Aim of the task: When you restate the entries that follow, keep every word exactly and drop the pictures.

*** Given records Section Begins ***

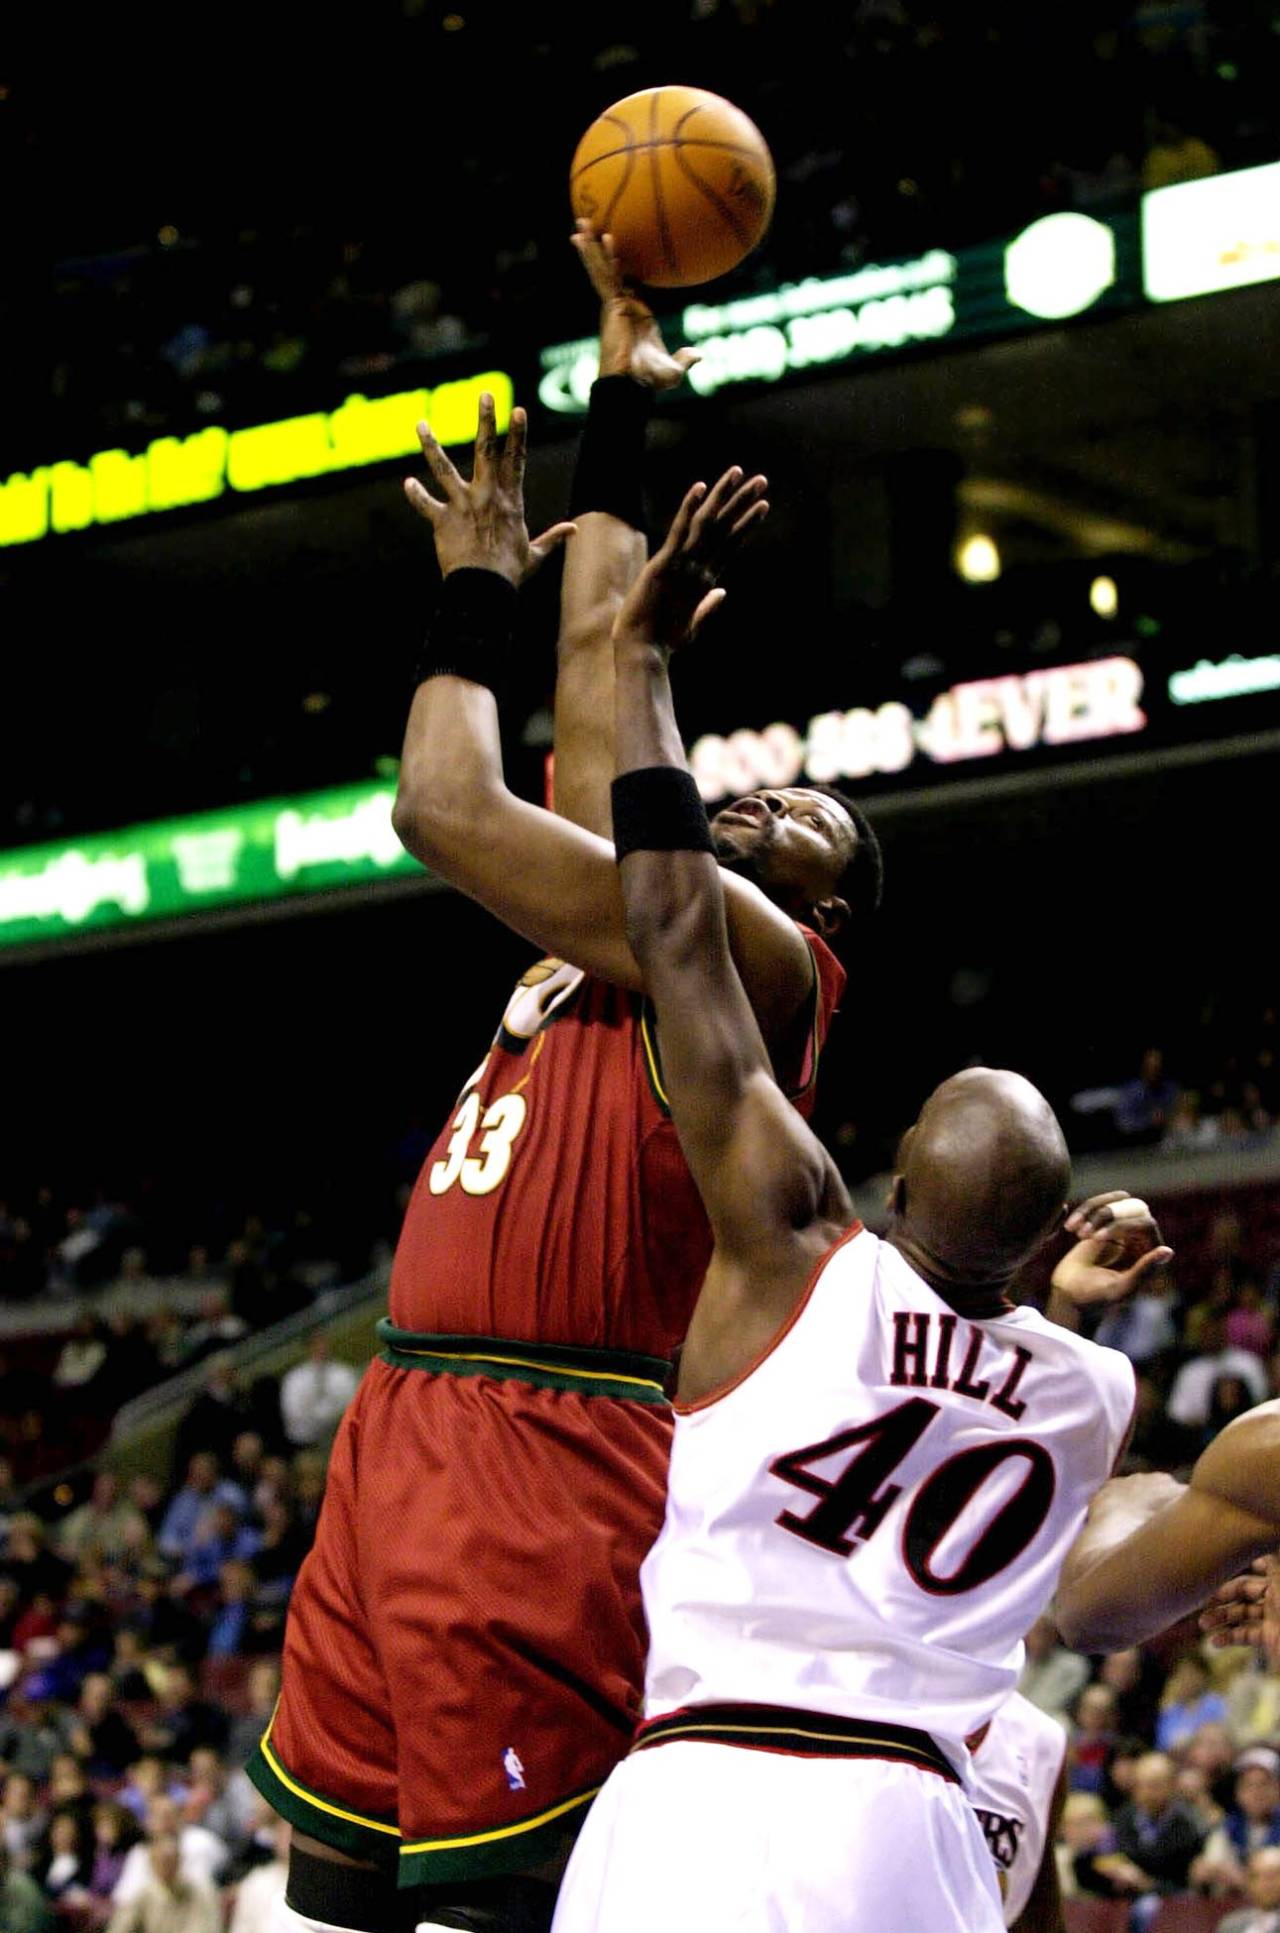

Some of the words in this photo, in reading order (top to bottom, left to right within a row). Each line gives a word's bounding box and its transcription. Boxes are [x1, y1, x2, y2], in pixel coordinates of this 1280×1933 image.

[429, 1092, 526, 1195] 33
[890, 1311, 1033, 1422] HILL
[768, 1397, 1056, 1597] 40
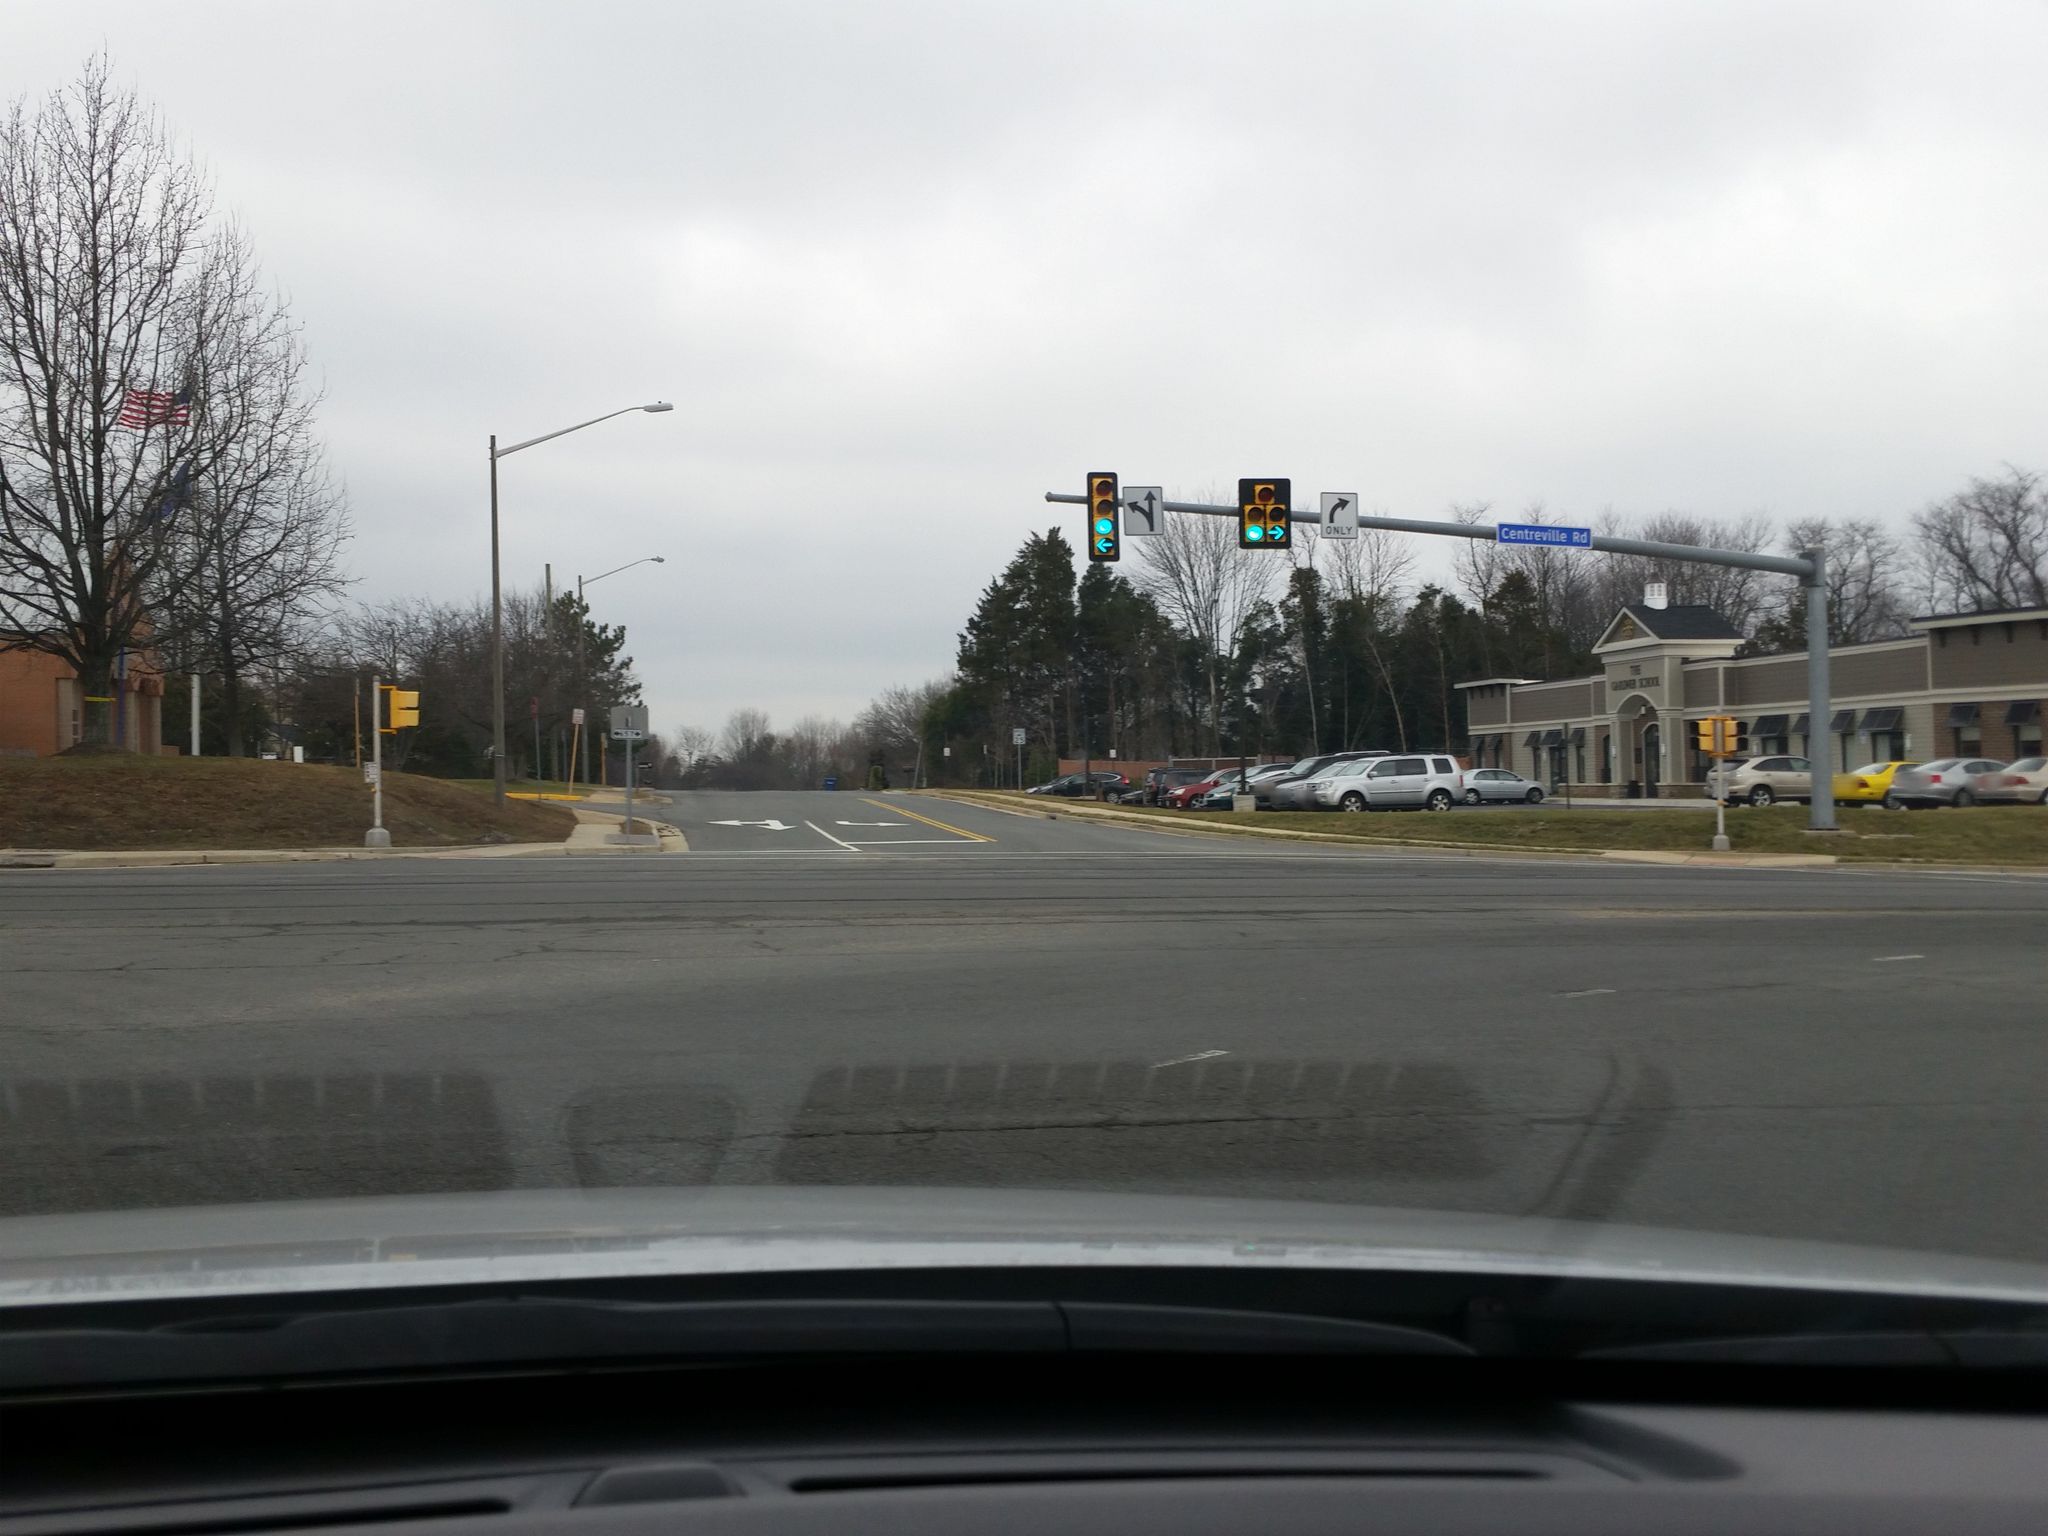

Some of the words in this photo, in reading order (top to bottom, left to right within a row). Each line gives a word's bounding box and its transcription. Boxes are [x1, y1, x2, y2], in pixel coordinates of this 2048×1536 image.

[1325, 525, 1353, 535] ONLY
[1501, 527, 1567, 542] Centreville
[1572, 531, 1588, 543] Rd
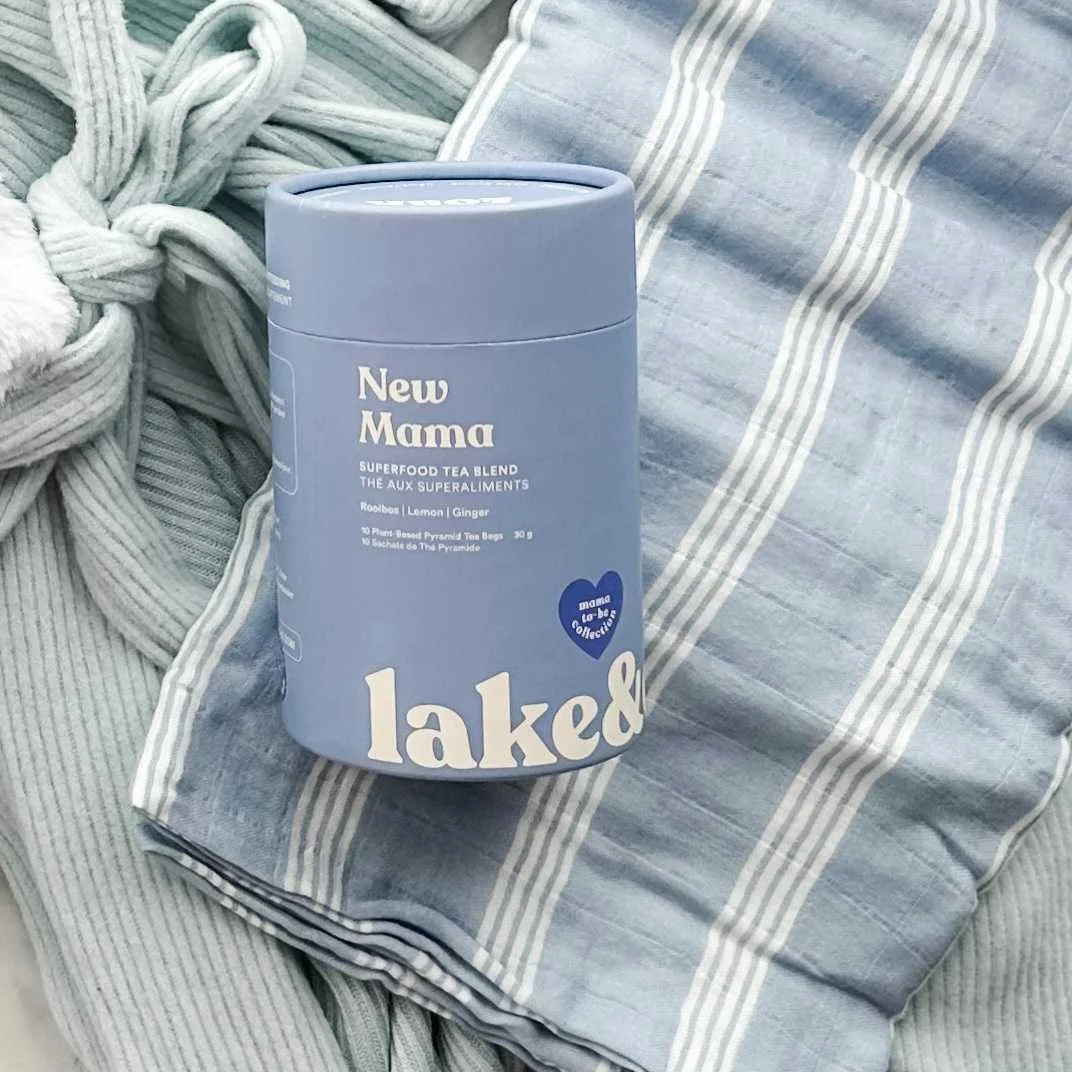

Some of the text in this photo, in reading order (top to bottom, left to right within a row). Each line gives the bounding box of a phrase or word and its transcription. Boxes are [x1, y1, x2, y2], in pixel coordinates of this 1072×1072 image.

*** Given records Section Ends ***

Exercise response:
Some of the words in this photo, in reading order (top to bottom, left to right within a row). Each line gives a word's bounding box and its transcription. Boxes are [x1, y1, x2, y2], in pixel coordinates of this 1280×1933 image.

[429, 1092, 526, 1195] 33
[890, 1311, 1033, 1422] HILL
[768, 1397, 1056, 1597] 40

Some of the words in this photo, in reading order (top to bottom, left to right within a row). Each line gives a word's bounding box and its transcription. Boxes are [x1, y1, x2, y2], in pixel coordinates of this 2048×1536 image.

[1325, 525, 1353, 535] ONLY
[1501, 527, 1567, 542] Centreville
[1572, 531, 1588, 543] Rd

Some of the text in this photo, in reading order (top to bottom, left to right within a row). Each line gives the bounding box of a phrase or word and its transcription. Boxes are [x1, y1, x2, y2], in pixel coordinates of this 1072×1072 image.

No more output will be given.